[The problem] With no addition or omission, return the entries below.

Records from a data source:
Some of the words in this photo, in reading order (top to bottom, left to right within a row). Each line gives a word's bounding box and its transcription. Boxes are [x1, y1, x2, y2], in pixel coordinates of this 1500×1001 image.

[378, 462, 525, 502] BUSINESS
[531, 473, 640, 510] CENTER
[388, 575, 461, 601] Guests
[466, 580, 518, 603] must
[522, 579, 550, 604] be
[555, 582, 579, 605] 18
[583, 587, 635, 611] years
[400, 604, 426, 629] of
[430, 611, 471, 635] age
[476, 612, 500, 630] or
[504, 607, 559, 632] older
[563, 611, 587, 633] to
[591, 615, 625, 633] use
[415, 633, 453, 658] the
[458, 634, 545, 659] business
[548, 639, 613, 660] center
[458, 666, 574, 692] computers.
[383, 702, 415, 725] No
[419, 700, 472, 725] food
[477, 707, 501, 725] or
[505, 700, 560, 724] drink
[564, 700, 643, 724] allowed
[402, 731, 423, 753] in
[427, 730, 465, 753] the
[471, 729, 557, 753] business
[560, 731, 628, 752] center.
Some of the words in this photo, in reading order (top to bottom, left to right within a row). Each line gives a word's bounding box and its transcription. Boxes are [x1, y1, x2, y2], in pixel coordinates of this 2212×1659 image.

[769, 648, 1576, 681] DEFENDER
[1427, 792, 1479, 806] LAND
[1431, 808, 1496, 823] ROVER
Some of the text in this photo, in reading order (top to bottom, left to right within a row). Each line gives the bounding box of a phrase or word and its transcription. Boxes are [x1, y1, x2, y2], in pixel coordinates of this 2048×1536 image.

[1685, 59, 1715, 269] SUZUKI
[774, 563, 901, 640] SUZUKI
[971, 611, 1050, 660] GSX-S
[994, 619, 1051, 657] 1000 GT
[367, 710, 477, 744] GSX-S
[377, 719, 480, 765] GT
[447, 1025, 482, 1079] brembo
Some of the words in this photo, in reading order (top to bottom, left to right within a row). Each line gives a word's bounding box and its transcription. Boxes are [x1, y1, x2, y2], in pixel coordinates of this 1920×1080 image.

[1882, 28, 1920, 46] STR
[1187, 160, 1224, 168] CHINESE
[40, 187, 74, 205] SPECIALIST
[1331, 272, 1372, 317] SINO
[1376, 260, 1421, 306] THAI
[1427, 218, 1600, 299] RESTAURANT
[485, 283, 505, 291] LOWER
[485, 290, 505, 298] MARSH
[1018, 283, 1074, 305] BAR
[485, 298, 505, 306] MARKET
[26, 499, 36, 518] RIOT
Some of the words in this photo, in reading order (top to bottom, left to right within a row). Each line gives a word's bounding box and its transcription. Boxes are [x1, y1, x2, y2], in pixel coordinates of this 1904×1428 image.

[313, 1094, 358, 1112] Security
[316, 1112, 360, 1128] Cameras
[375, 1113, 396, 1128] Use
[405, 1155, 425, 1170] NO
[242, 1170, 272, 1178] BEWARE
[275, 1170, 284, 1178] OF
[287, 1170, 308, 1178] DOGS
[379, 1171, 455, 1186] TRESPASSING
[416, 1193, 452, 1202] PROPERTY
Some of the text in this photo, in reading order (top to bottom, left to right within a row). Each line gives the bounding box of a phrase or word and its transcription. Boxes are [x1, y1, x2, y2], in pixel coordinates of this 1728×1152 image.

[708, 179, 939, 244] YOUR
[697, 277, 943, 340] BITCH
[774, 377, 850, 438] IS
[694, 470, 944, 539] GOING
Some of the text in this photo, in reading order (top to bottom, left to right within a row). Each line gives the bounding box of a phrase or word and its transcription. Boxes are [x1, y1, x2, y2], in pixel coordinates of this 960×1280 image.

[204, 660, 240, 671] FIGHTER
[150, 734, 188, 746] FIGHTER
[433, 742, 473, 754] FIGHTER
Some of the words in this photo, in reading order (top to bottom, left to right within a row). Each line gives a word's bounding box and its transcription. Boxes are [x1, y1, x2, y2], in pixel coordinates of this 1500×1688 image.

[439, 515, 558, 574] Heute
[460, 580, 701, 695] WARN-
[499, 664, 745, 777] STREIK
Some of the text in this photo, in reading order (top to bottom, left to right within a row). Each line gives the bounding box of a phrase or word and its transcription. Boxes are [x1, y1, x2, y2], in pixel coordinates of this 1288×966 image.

[Task output]
Some of the words in this photo, in reading order (top to bottom, left to right within a row). Each line gives a word's bounding box and its transcription. Boxes are [x1, y1, x2, y2], in pixel coordinates of this 1500×1001 image.

[378, 462, 525, 502] BUSINESS
[531, 473, 640, 510] CENTER
[388, 575, 461, 601] Guests
[466, 580, 518, 603] must
[522, 579, 550, 604] be
[555, 582, 579, 605] 18
[583, 587, 635, 611] years
[400, 604, 426, 629] of
[430, 611, 471, 635] age
[476, 612, 500, 630] or
[504, 607, 559, 632] older
[563, 611, 587, 633] to
[591, 615, 625, 633] use
[415, 633, 453, 658] the
[458, 634, 545, 659] business
[548, 639, 613, 660] center
[458, 666, 574, 692] computers.
[383, 702, 415, 725] No
[419, 700, 472, 725] food
[477, 707, 501, 725] or
[505, 700, 560, 724] drink
[564, 700, 643, 724] allowed
[402, 731, 423, 753] in
[427, 730, 465, 753] the
[471, 729, 557, 753] business
[560, 731, 628, 752] center.
Some of the words in this photo, in reading order (top to bottom, left to right within a row). Each line gives a word's bounding box and its transcription. Boxes are [x1, y1, x2, y2], in pixel coordinates of this 2212×1659 image.

[769, 648, 1576, 681] DEFENDER
[1427, 792, 1479, 806] LAND
[1431, 808, 1496, 823] ROVER
Some of the text in this photo, in reading order (top to bottom, left to right within a row). Each line gives the bounding box of a phrase or word and its transcription. Boxes are [x1, y1, x2, y2], in pixel coordinates of this 2048×1536 image.

[1685, 59, 1715, 269] SUZUKI
[774, 563, 901, 640] SUZUKI
[971, 611, 1050, 660] GSX-S
[994, 619, 1051, 657] 1000 GT
[367, 710, 477, 744] GSX-S
[377, 719, 480, 765] GT
[447, 1025, 482, 1079] brembo
Some of the words in this photo, in reading order (top to bottom, left to right within a row). Each line gives a word's bounding box and its transcription. Boxes are [x1, y1, x2, y2], in pixel coordinates of this 1920×1080 image.

[1882, 28, 1920, 46] STR
[1187, 160, 1224, 168] CHINESE
[40, 187, 74, 205] SPECIALIST
[1331, 272, 1372, 317] SINO
[1376, 260, 1421, 306] THAI
[1427, 218, 1600, 299] RESTAURANT
[485, 283, 505, 291] LOWER
[485, 290, 505, 298] MARSH
[1018, 283, 1074, 305] BAR
[485, 298, 505, 306] MARKET
[26, 499, 36, 518] RIOT
Some of the words in this photo, in reading order (top to bottom, left to right within a row). Each line gives a word's bounding box and its transcription. Boxes are [x1, y1, x2, y2], in pixel coordinates of this 1904×1428 image.

[313, 1094, 358, 1112] Security
[316, 1112, 360, 1128] Cameras
[375, 1113, 396, 1128] Use
[405, 1155, 425, 1170] NO
[242, 1170, 272, 1178] BEWARE
[275, 1170, 284, 1178] OF
[287, 1170, 308, 1178] DOGS
[379, 1171, 455, 1186] TRESPASSING
[416, 1193, 452, 1202] PROPERTY
Some of the text in this photo, in reading order (top to bottom, left to right within a row). Each line gives the bounding box of a phrase or word and its transcription. Boxes are [x1, y1, x2, y2], in pixel coordinates of this 1728×1152 image.

[708, 179, 939, 244] YOUR
[697, 277, 943, 340] BITCH
[774, 377, 850, 438] IS
[694, 470, 944, 539] GOING
Some of the text in this photo, in reading order (top to bottom, left to right within a row). Each line gives the bounding box of a phrase or word and its transcription. Boxes are [x1, y1, x2, y2], in pixel coordinates of this 960×1280 image.

[204, 660, 240, 671] FIGHTER
[150, 734, 188, 746] FIGHTER
[433, 742, 473, 754] FIGHTER
Some of the words in this photo, in reading order (top to bottom, left to right within a row). Each line gives a word's bounding box and its transcription. Boxes are [x1, y1, x2, y2], in pixel coordinates of this 1500×1688 image.

[439, 515, 558, 574] Heute
[460, 580, 701, 695] WARN-
[499, 664, 745, 777] STREIK
Some of the text in this photo, in reading order (top to bottom, left to right within a row). Each line gives the bounding box of a phrase or word and its transcription. Boxes are [x1, y1, x2, y2], in pixel coordinates of this 1288×966 image.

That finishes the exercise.